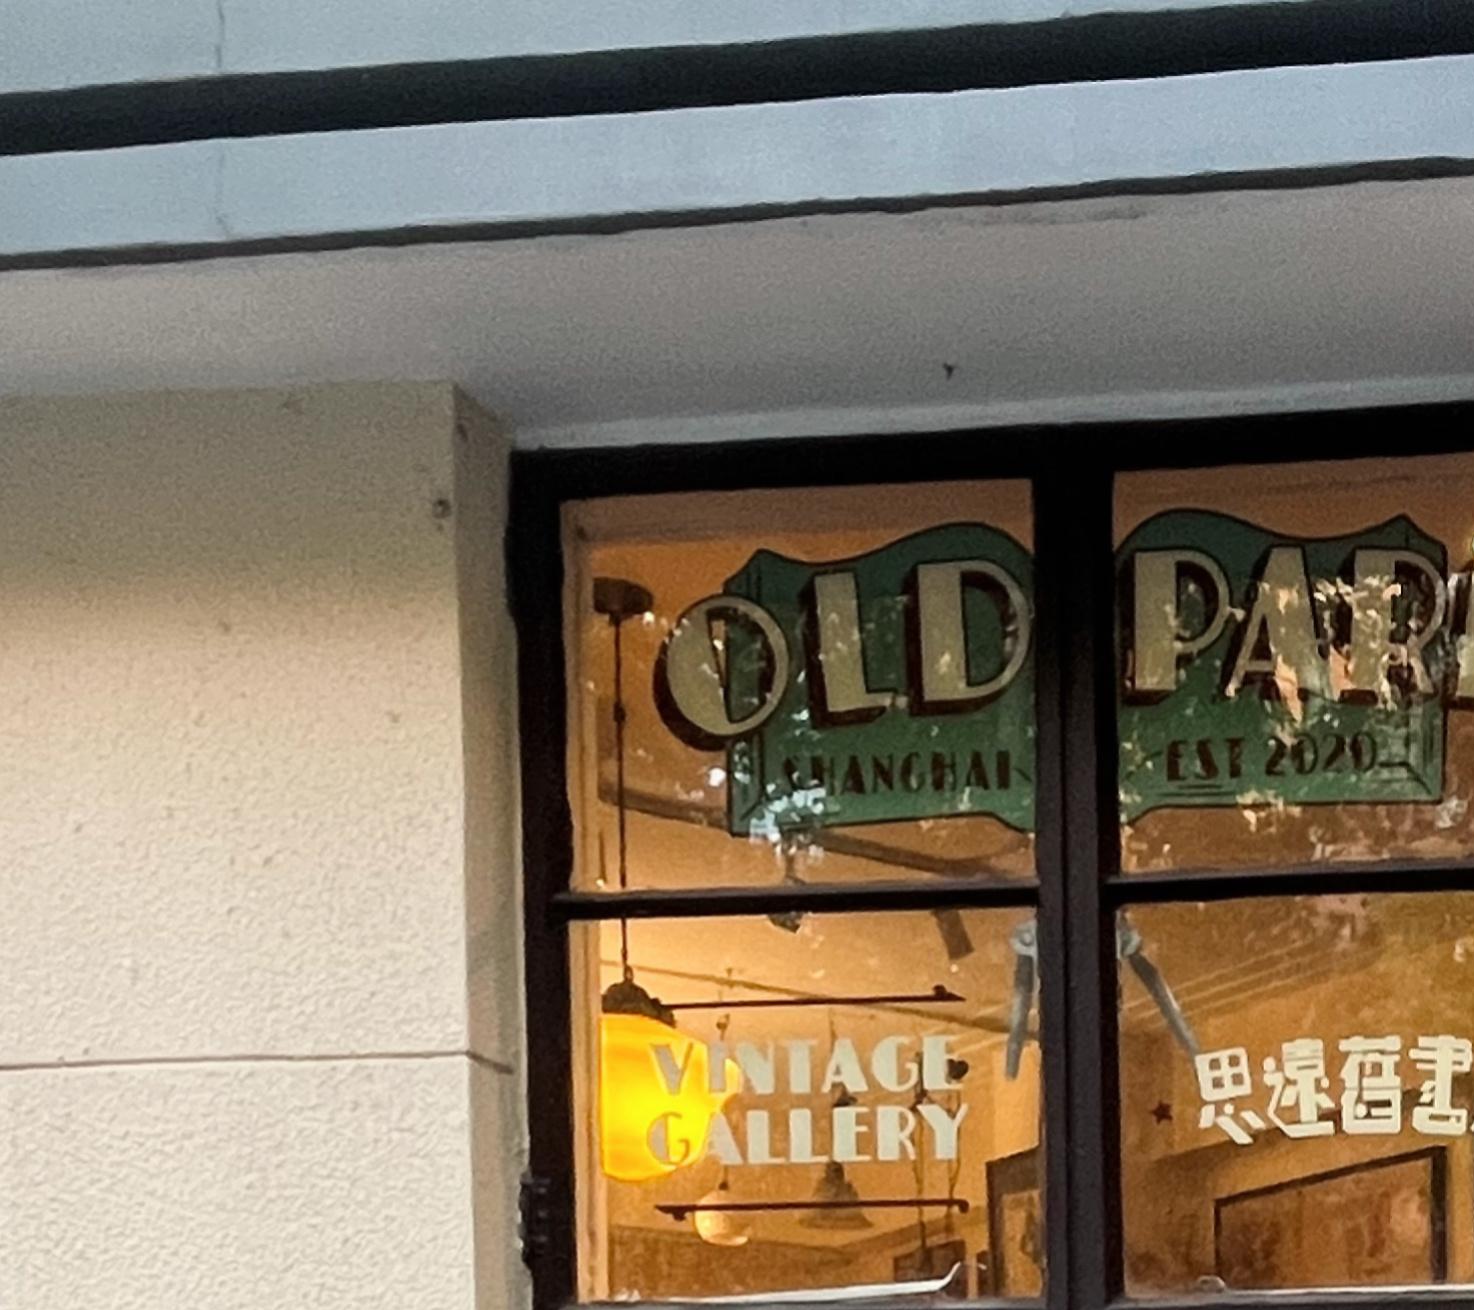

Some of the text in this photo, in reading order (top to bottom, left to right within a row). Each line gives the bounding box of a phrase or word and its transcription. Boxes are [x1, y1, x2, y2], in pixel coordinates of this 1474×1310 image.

[656, 557, 1034, 750] OLD
[782, 731, 1378, 797] SHANGHAI EST 2020
[648, 1034, 968, 1097] VINTAGE
[646, 1103, 970, 1170] GALLERY
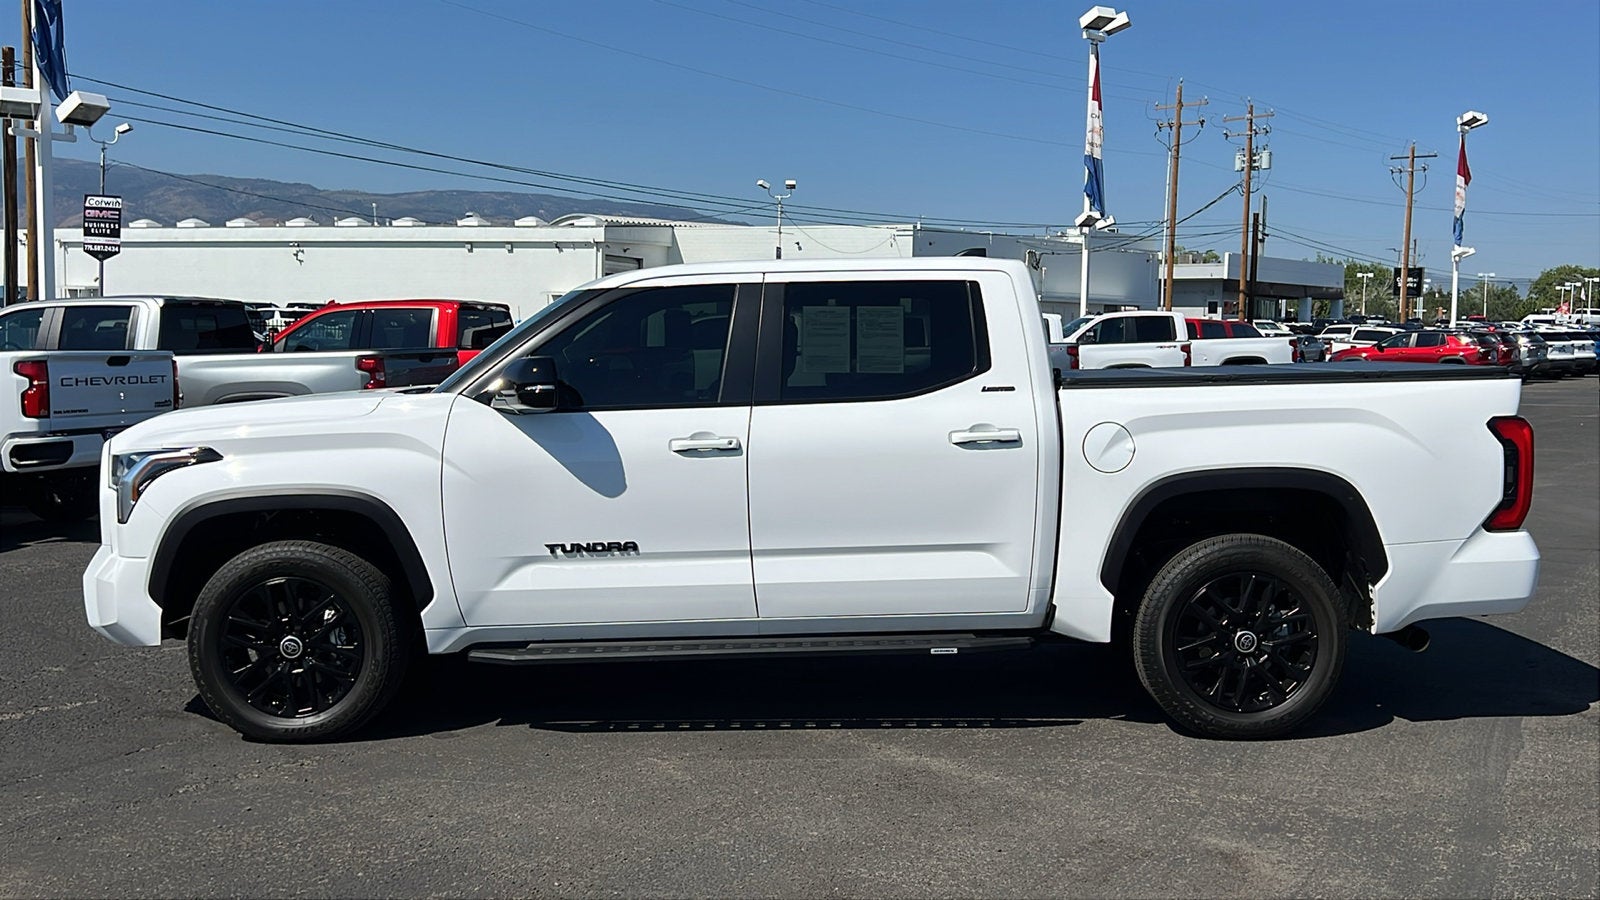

• _About this task_:
Reproduce the listing above exactly, without a single picture.

• _Solution to the exercise_:
Some of the text in this photo, in reading order (top to bottom, left to right within a row). Each line gives the bounding box of a phrase or word and its transcription. Boxes are [x1, y1, x2, y2], in pixel coordinates of this 1474×1310 image.

[656, 557, 1034, 750] OLD
[782, 731, 1378, 797] SHANGHAI EST 2020
[648, 1034, 968, 1097] VINTAGE
[646, 1103, 970, 1170] GALLERY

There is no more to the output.